E7: Ultracold Molecules
Lab room: B123 Birge
Lab phone: (510) 642-7269
Full quantum control over molecules in the ultracold regime has made remarkable progress in the past decade, but remains an open problem in the AMO physics community. The rich internal energy structure of diatomic molecules provides many flexible channels for quantum state manipulation. Specifically, molecules can rotate or vibrate back and forth, each of which contributes to the rich physics one can study.
In the case of heteronuclear molecules one can engineer large rotating or static electric dipole moments. These dipole moments give us an extra knob to perform manipulations on molecular systems, and can allow for the engineering of long-ranged, tunable, and anisotropic interactions. Ultracold molecules thus provide an intriguing platform to investigate quantum information technologies, quantum state-controlled chemistry, and the simulation of exotic strongly-correlated phases of matter!
This internal structure presents a plethora of interesting quantum phenomena to study in the laboratory, and an experimental challenge to control.
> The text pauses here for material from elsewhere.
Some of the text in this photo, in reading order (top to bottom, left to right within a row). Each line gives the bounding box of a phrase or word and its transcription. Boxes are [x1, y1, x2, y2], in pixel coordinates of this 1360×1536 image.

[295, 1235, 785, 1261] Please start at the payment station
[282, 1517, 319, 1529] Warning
We are presently investigating how each of these degrees of freedom plays into our ability to make and manipulate molecules in the quantum regime.
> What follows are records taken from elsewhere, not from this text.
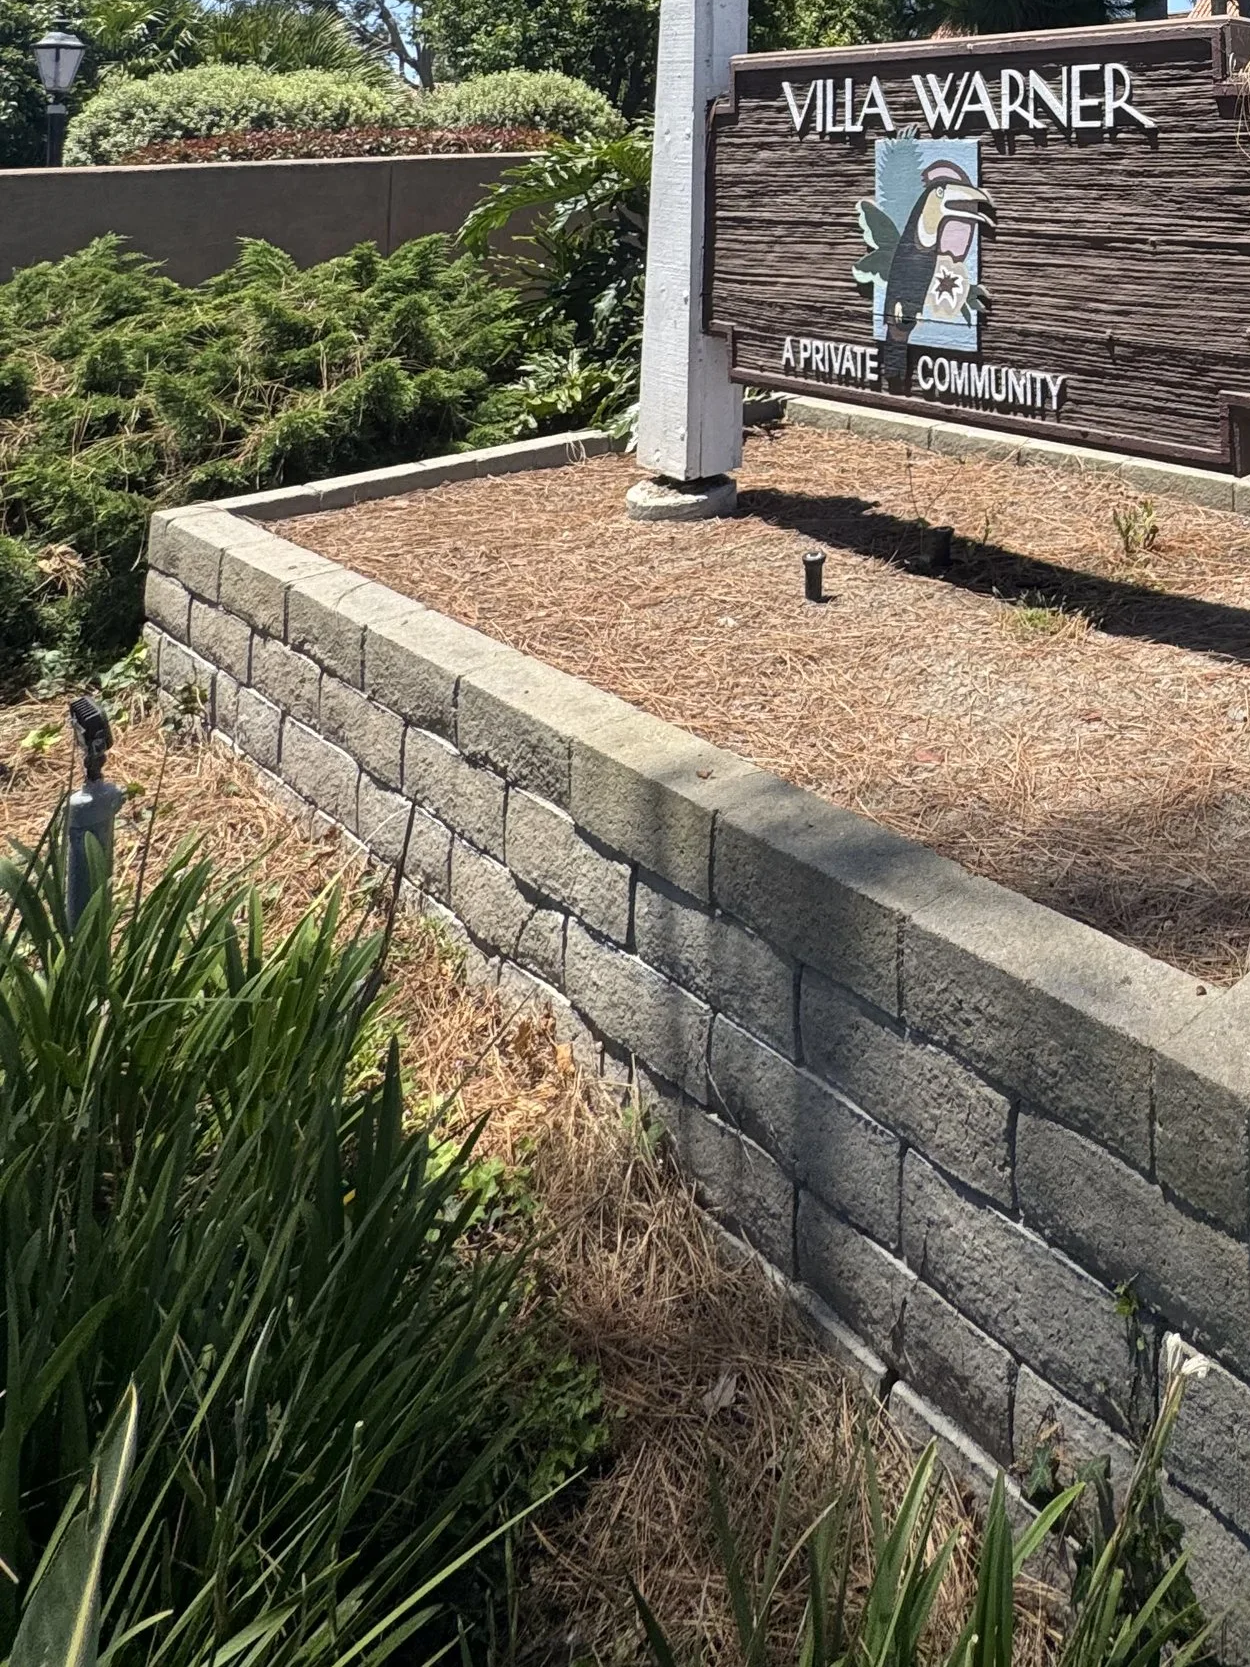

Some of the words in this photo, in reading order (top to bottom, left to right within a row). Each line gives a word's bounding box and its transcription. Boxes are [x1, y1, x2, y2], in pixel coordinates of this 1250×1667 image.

[781, 75, 895, 133] VILLA
[911, 62, 1158, 131] WARNER
[781, 336, 795, 364] A
[799, 336, 879, 382] PRIVATE
[917, 354, 1067, 411] COMMUNITY
E7 is currently under construction to produce large, quantum degenerate mixtures of Lithium-7 and Rubidium-87 gases, and samples of ultracold ground state LiRb molecules. We are feeding a dual-species 3D magneto-optical trap (MOT) fed from a zeeman slower and 2D-MOT, and plan to cool the atoms to quantum degeneracy through a sequence of magnetic and optical evaporation stages. After cooling, the atoms will undergo coherent quantum state transfer into tightly bound molecules.